Während die Familien- und Geschlechterpolitiken des Vichy-Regimes bereits Gegenstand von wissenschaftlichen Arbeiten geworden sind1, bildet die Analyse der Kontinuitäten zwischen Vichy-Frankreich und der Zeit nach der Befreiung ein Forschungsdesiderat. Dieses möchte Sarah Fishman schließen: sie stellt die Themenkomplexe »family life, gender, marriage, parenting, childhood, and adolescence« (S. XV) in den Fokus ihrer Arbeit und möchte so die Auswirkungen der konservativen Familien- und Geschlechterpolitik des Vichy-Regimes auf die französische Gesellschaft auch über den politischen Bruch von 1944 hinaus aufzeigen.

Ihre zentralen Fragen richten sich darauf, wie es Familien in der (wirtschaftlich) schwierigen Transformationsphase der unmittelbaren Nachkriegszeit erging und wie diese das einsetzende Wirtschaftswachstum der 1950er-Jahre erlebten (S. XV). Thematisch lassen sich in ihrem Buch dabei zwei Schwerpunktsetzungen finden: Neben der Ehe- und Familienthematik beleuchtet Fishman auch Aspekte der Jugendkultur der frühen 1960er-Jahre, die an dieser Stelle insofern eine sinnvolle Inklusion in das Buch sind, weil sie auch Aspekte von Partnerwahl, möglichen Lebensentwürfen und vorehelicher Sexualität thematisieren. Dabei konstatiert Fishman vollkommen zu Recht, dass die Themenkomplexe Familie und Sexualität in der unmittelbaren Nachkriegszeit nur in Zusammenhang mit den Diskursen und Lebenswirklichkeiten während des Vichy-Regimes in ihrer vollen Tiefe erfasst werden können.

Die bis dato vorliegende Forschung betrachte die angesprochenen Themenkomplexe vor allem aus einem »contemporary point of view« (S. XV), was dazu führe, so Fishman überzeugend, dass die im Frankreich der 1950er-Jahre vorherrschenden Geschlechterordnungen in erster Linie als traditionell und konservativ wahrgenommen würden und der sich in dieser Zeit allmählich abzeichnende Wandel leicht übersehen werden könne (S. XX). Dass es aber einen solchen Wandel der Geschlechterordnungen im Frankreich der 1950er-Jahre gab, ist Fishmans Grundthese, die sie in ihrem Buch auch überzeugend darlegen kann.

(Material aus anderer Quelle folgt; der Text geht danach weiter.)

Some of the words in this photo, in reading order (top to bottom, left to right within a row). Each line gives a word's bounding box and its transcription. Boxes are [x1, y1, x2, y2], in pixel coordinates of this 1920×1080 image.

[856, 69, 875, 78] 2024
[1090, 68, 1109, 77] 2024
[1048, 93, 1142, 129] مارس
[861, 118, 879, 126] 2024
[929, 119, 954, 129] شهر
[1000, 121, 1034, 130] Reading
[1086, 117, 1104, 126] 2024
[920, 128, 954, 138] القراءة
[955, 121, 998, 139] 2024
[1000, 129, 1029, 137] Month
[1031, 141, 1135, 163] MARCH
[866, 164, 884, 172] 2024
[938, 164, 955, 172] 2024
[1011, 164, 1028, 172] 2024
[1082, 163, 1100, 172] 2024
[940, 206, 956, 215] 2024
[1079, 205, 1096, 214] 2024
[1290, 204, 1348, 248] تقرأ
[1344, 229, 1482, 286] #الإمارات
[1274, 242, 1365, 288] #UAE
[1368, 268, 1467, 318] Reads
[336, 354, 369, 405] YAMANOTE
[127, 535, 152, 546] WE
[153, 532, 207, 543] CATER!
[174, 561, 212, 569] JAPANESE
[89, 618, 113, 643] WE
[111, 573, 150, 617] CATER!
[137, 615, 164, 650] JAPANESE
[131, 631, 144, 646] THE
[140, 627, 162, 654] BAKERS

Die Quellengrundlage der Studie bilden zeitgenössische Zeitschriftenartikel der an ein weibliches Publikum adressierten Presse wie »Marie-Claire« und »Elle«, aber auch weniger bekannte Organe wie »Confidences« oder »Constellation«, die ebenso zahlreich gelesen wurden und ihre Leserinnen vor allem im ländlichen und im Arbeitermilieu fanden. Daneben hat Fishman zahlreiche Ratgeberliteratur für Jugendliche, werdende Mütter und Eltern ausgewertet. Eine ebenso zentrale wie besonders hervorzuhebende Quellengattung sind die Aktenbestände der Jugendgerichtbarkeit der Jahre 1945 bis 1965 aus vier unterschiedlichen Regionen Frankreichs, deren Auswahl ein repräsentativeres Bild der französischen Gesellschaft erlauben sollen. Sie bilden eine sinnvolle Ergänzung zu den öffentlich geführten Diskursen, da sie durch die Beschreibungen der Lebens- und Familienumstände von straffällig gewordenen Jugendlichen, die Sozialarbeiterinnen und -arbeiter verfassen mussten, einen (ausschnitthaften) Einblick in die tatsächlichen Lebenswirklichkeiten von Familien geben.

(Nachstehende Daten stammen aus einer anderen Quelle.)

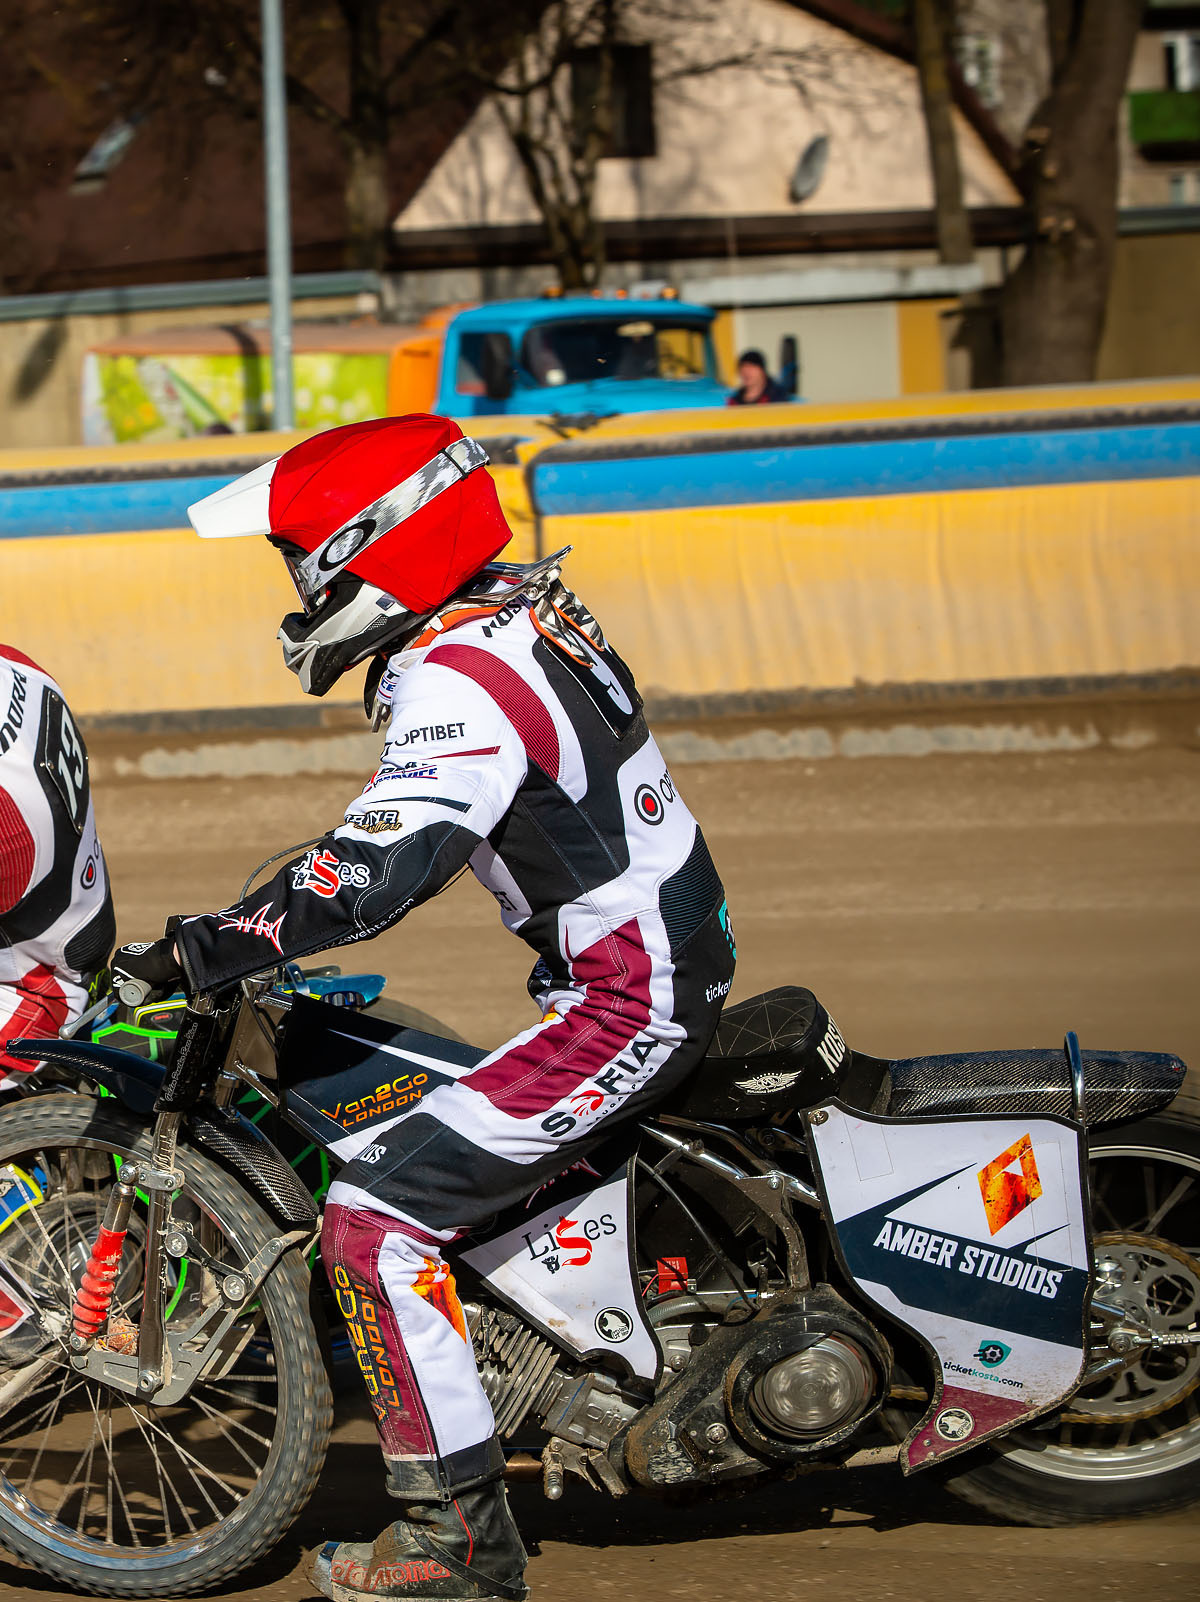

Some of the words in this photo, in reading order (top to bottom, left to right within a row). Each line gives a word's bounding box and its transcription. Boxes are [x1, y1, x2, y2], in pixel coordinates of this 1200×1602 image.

[58, 703, 84, 820] 13
[321, 1072, 428, 1119] Van2Go
[343, 1089, 423, 1127] LONDON
[873, 1220, 958, 1269] AMBER
[958, 1246, 1063, 1299] STUDIOS
[943, 1361, 1023, 1389] ticketkosta.com

Mit aller gebührenden quellenkritischen Vorsicht kann Fishman so an zahlreichen Einzelfällen aufzeigen, welche Vorstellungen Sozialarbeiterinnen und -arbeiter von »normalen« Familien hatten. Neben dem Verhalten der straffällig gewordenen Jugendlichen selbst standen dabei auch das Verhalten und die Rolle von Mutter und Vater im Familienleben im Fokus und wurden zur besseren Einschätzung des abweichenden Verhaltens von Jugendlichen herangezogen. Da Sozialarbeiterinnen und -arbeiter in ein größeres staatliches System eingebunden waren, dessen Werte und Normen sie vertraten und mitkonstituierten, können die Aktenbestände der Jugendgerichtsbarkeit dabei helfen, die zum Teil theoretisch in den öffentlichen Diskursen ausgehandelten und verhandelten Familienideale zu kontextualisieren.

Obwohl diese hauptsächlich konservativen Vorstellungen folgten, bei denen beispielsweise Ehe und Mutterschaft als natürliche Bestimmung der Frau gehandelt wurden, zeigt Fishman auf, wie sich das Sagbare über Ehe, Geschlecht und Sexualität veränderte, indem diese Themen zunehmend auch in der (Frauen-)Presse kritisch reflektiert wurden. Als »forces of change« (S. 29) führt Fishman den Einfluss von Sigmund Freuds Psychoanalyse, die Studien von Alfred Kinsey (S. 52) sowie den Einfluss Simone de Beauvoirs an. Alle drei wurden, so Fishman, nicht von den breiten Massen gelesen; sie fanden jedoch Eingang in die öffentlichen Debatten, wodurch die dahinterstehenden Konzepte auch eine breite Rezeption fanden. Sie führten zu Debatten über die »modern women« (S. 47), die nicht nur die weibliche Erwerbstätigkeit außerhalb des Hauses thematisierten, sondern auch Fragen ihrer Sexualität aufgriffen (S. 48).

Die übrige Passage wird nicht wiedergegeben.